Skip to content
Education
Link copied to clipboard

Penn announce 50 new endowed professorships; Arcadia creates first endowed chair

Penn announces 50 new endowed professorships over the next four years; Arcadia announces its first endowed chair thanks to a $1 million donation from an alum.

The University of Pennsylvania will create 50 new endowed professorships over the next four years, with an emphasis on multidisciplinary research and teaching, global and international affairs and diversity, the school announced on Wednesday.

The university will provide matching funds to encourage donors to support the new professor jobs, the university said.

George Weiss, trustee emeritus, and Richard Vague, a member of Penn's medicine board, also have pledged matching funds to create new professorships in the Perelman School of Medicine.

"This is one of the best investments we can make in the future of Penn, the future of discovery and ultimately the future of our country," Penn President Amy Gutmann said in a statement.

Some of the new professors will have dual appointments in two schools to encourage multidisciplinary collaboration, a focus of Gutmann's since her arrival.

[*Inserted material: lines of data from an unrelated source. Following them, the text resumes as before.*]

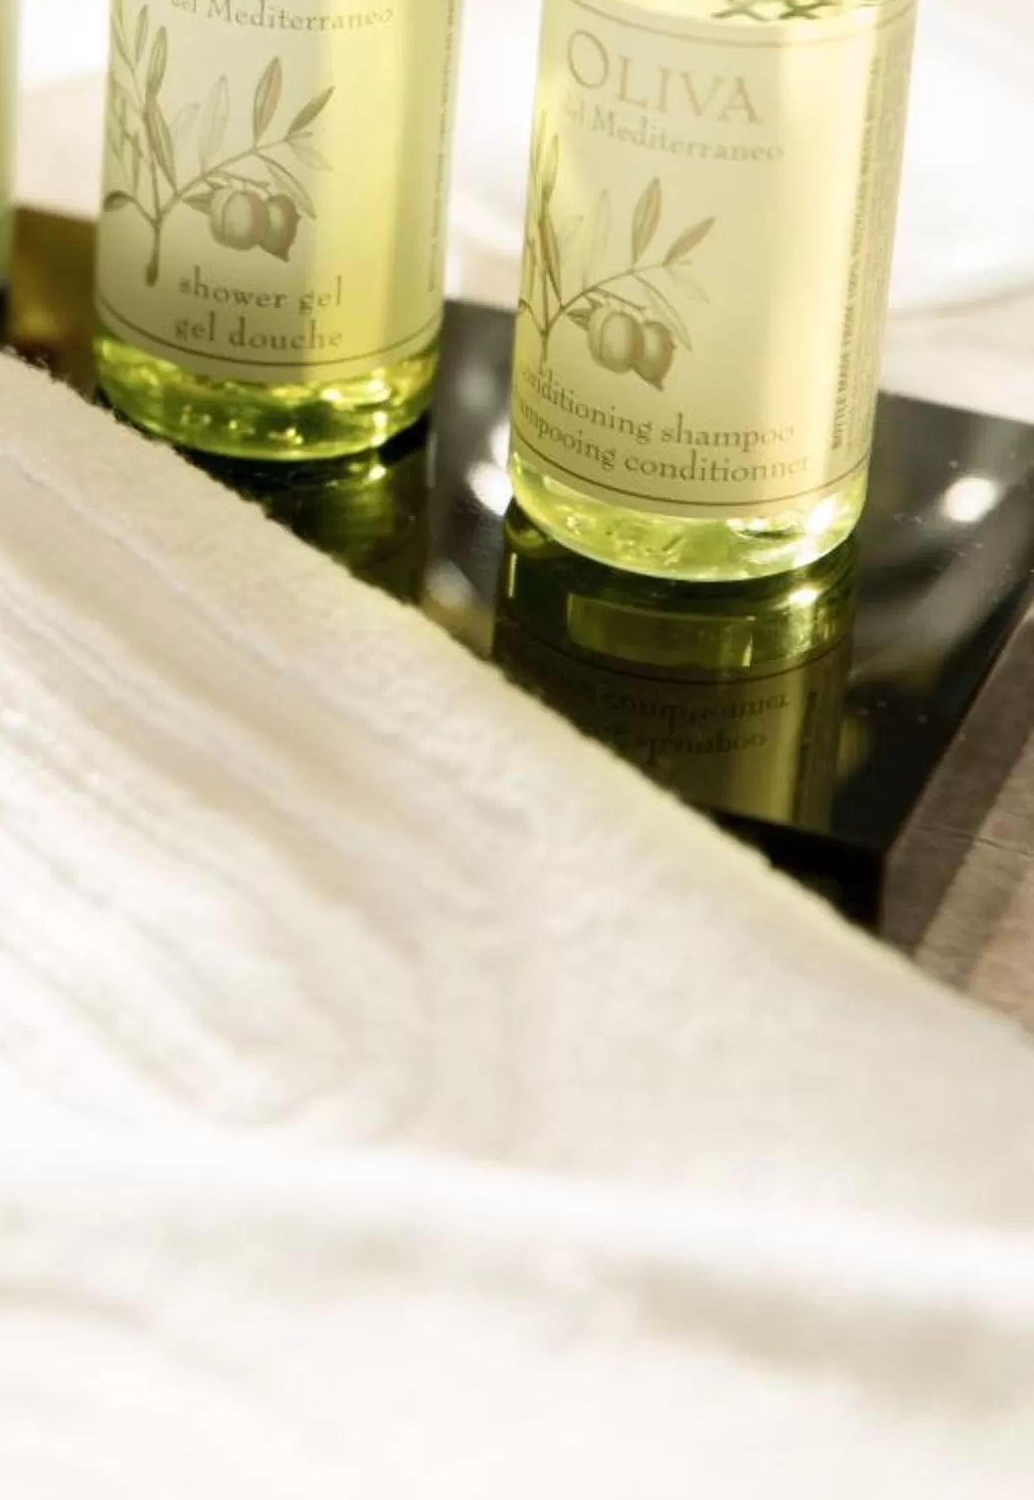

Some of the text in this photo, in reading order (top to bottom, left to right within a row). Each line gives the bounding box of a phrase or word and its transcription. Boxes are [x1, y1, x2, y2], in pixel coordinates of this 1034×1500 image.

[567, 28, 764, 126] OLIVA
[179, 264, 343, 317] shower gel
[173, 311, 344, 351] gel douche
[521, 368, 653, 442] nditioning
[660, 411, 795, 453] shampoo
[622, 448, 812, 483] conditionner
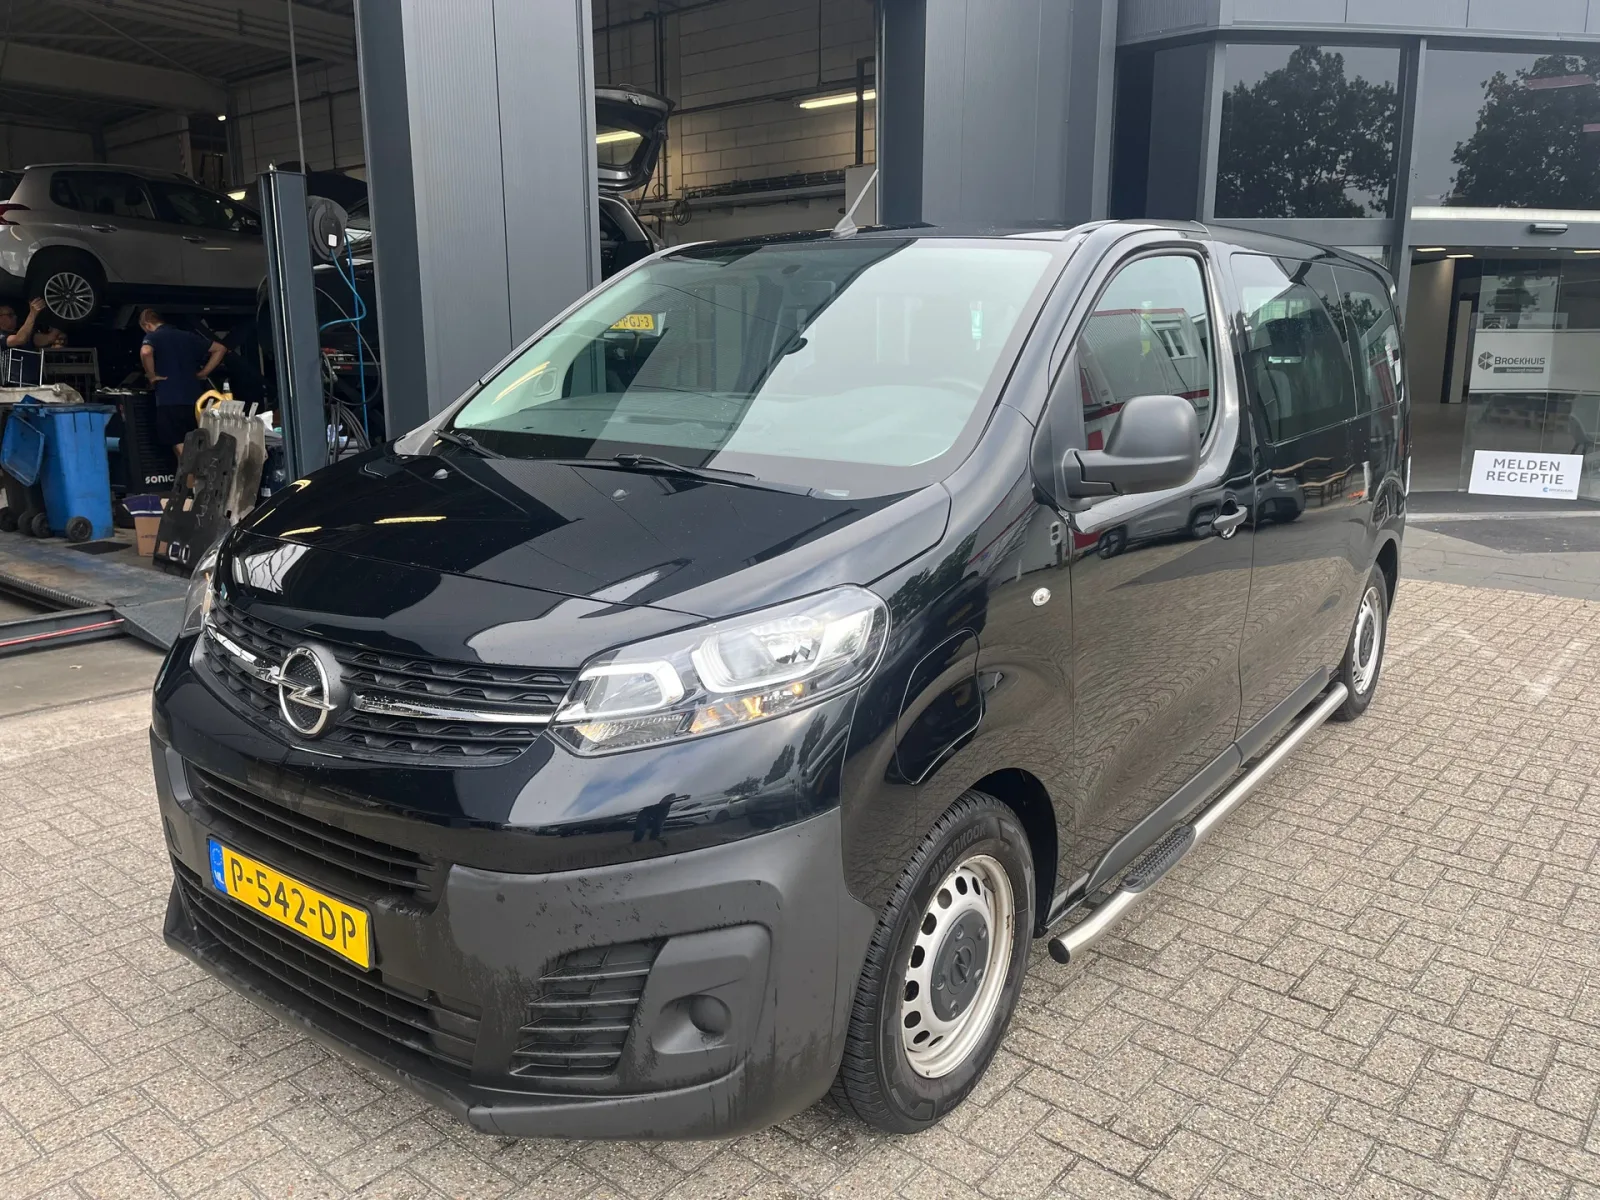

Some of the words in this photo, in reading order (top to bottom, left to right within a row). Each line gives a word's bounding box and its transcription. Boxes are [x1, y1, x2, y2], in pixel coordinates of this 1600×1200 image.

[1494, 356, 1546, 365] BROEKHUIS
[1493, 458, 1561, 472] MELDEN
[1486, 470, 1565, 485] RECEPTIE
[213, 869, 225, 885] NL
[230, 857, 357, 950] P-542-DP
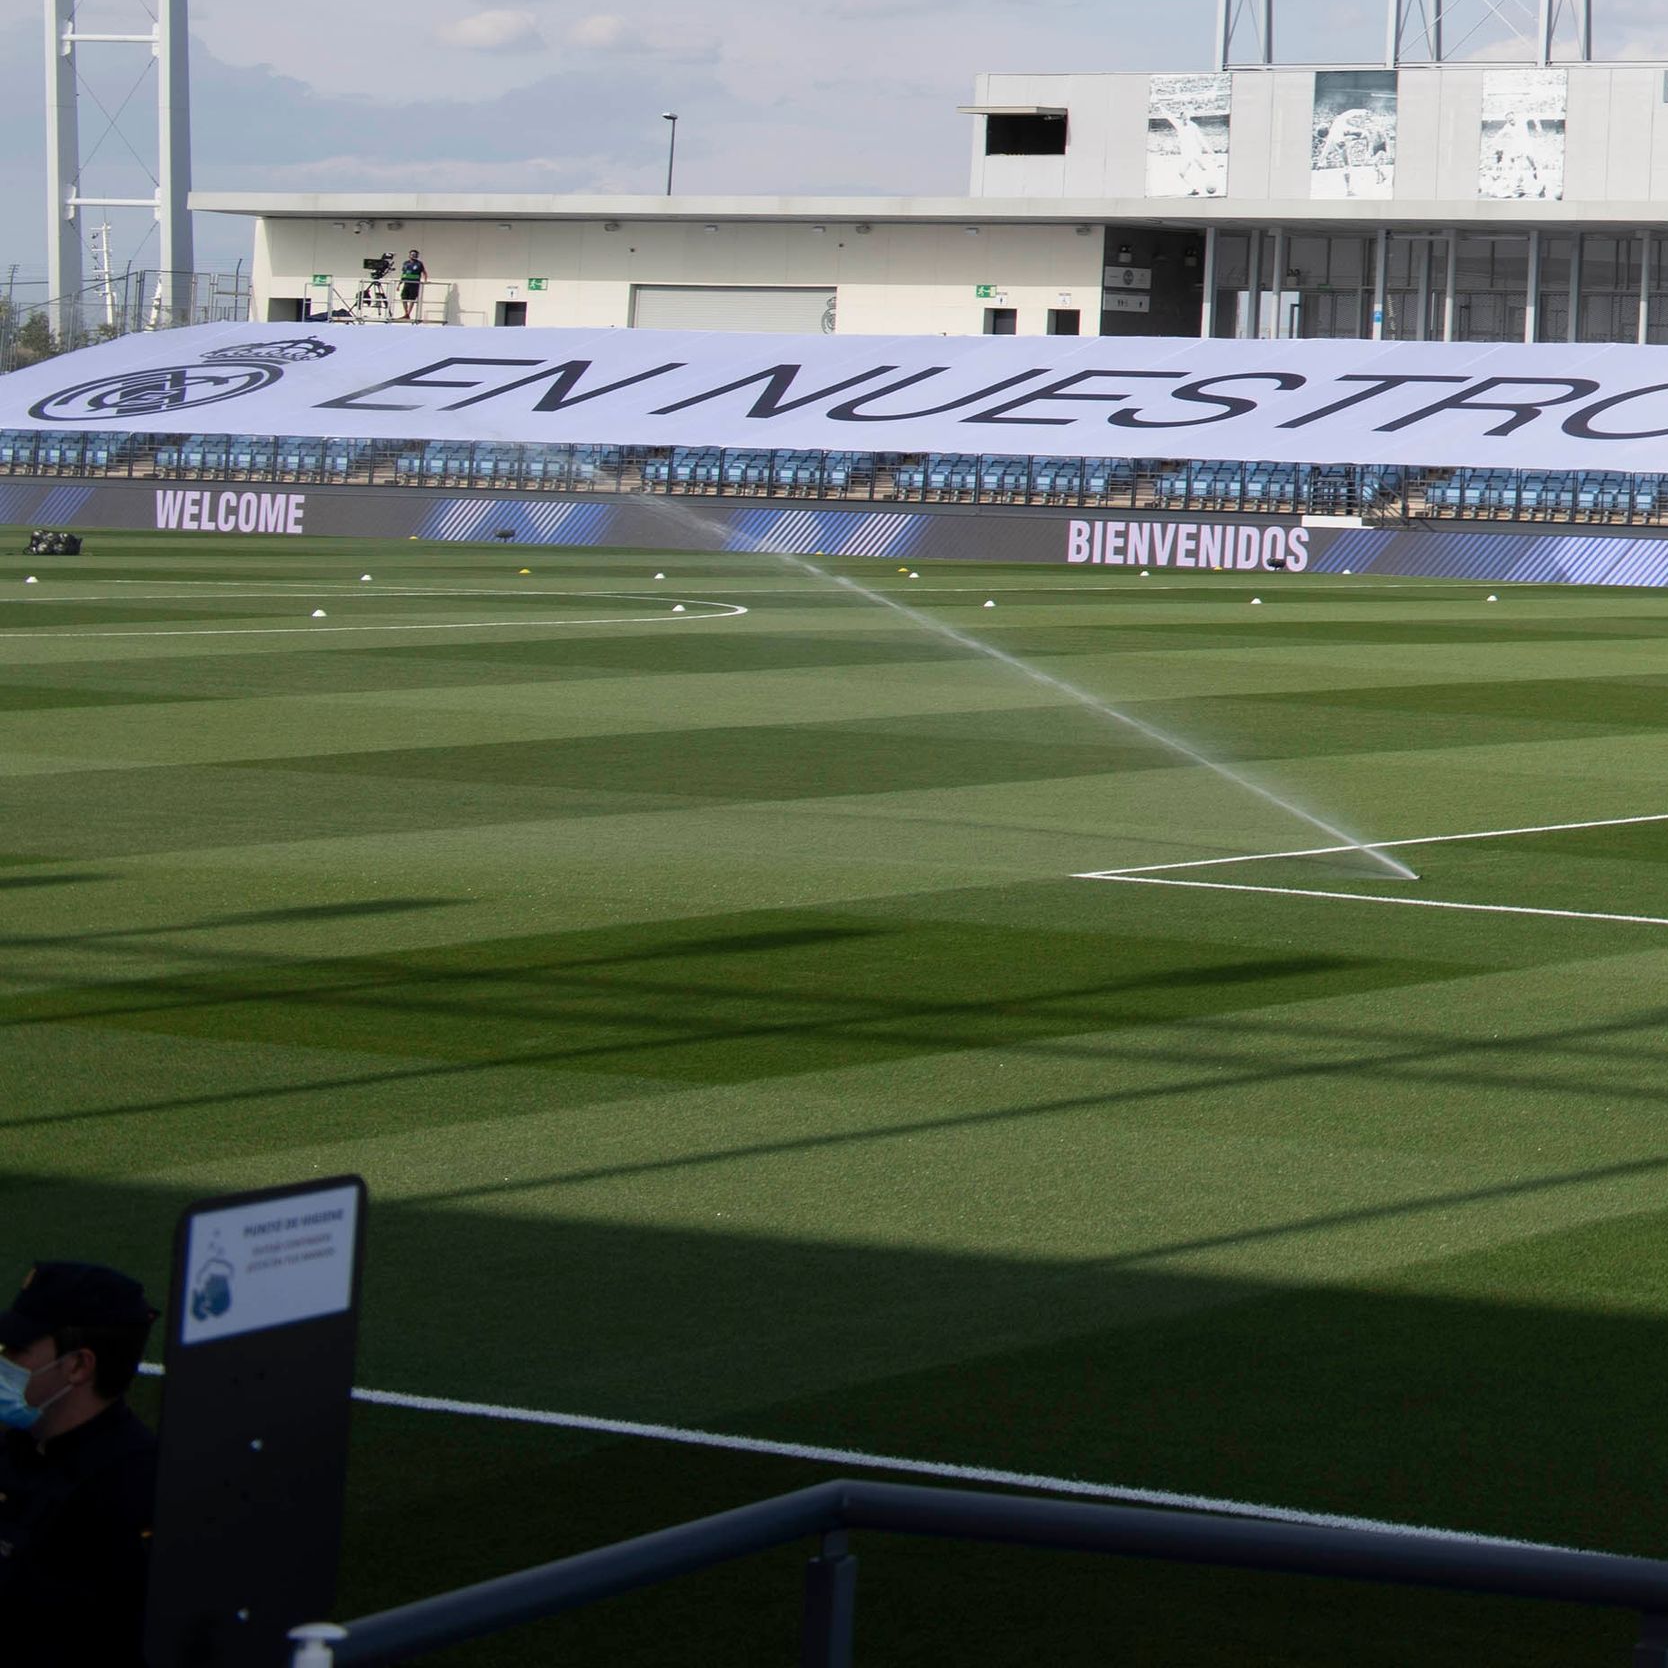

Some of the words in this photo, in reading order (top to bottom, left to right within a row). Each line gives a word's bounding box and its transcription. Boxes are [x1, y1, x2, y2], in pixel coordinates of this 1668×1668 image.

[311, 357, 688, 412] EN
[155, 489, 305, 534] WELCOME
[1067, 520, 1310, 572] BIENVENIDOS
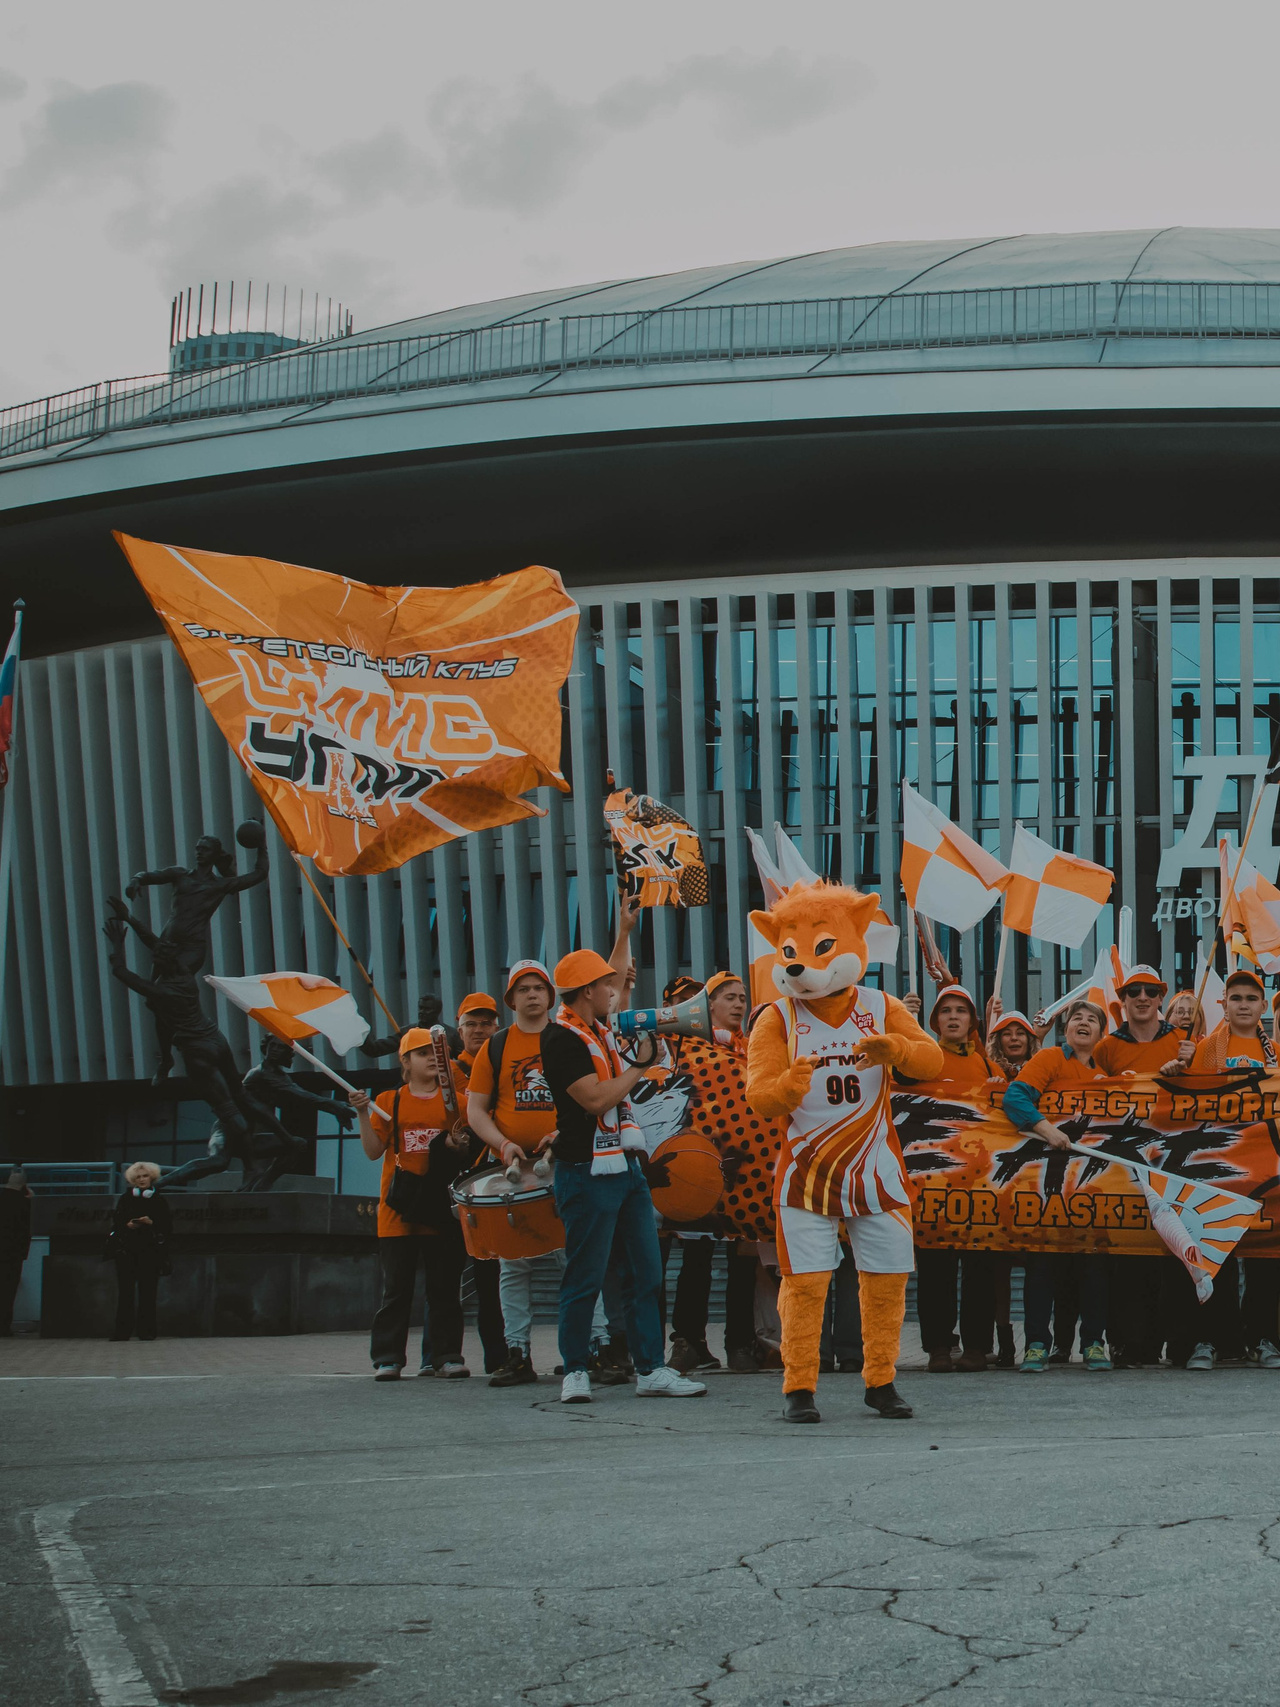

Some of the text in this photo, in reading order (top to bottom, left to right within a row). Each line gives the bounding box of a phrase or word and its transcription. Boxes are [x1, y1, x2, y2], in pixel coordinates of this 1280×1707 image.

[182, 622, 519, 679] БСКЕТБОЛЬНЫЙ КЛУБ
[243, 716, 460, 801] УГМ
[1152, 897, 1222, 922] ДВО
[858, 1014, 872, 1022] FON
[858, 1020, 873, 1028] BET
[515, 1090, 554, 1102] FOX'S
[826, 1074, 861, 1105] 96
[990, 1090, 1157, 1120] RFECT
[921, 1188, 1273, 1231] FOR BASKEL

The new appointments will come in addition to the 118 endowed professorships created with funds from the university's recently completed capital campaign.

In another development, Arcadia University on Wednesday morning announced its first donor-designated endowed chair in the school's history. Created with a $1 million donation from Rosemary Deniken Blankley, a 1957 graduate, and her husband, Walter Blankley, the endowed chair in education will be filled by Ellen Skilton-Sylvester, professor of education and chair of the department of curriculum, cultures and child/youth studies at Arcadia.

Skilton-Sylvester is in her 10th year at Arcadia.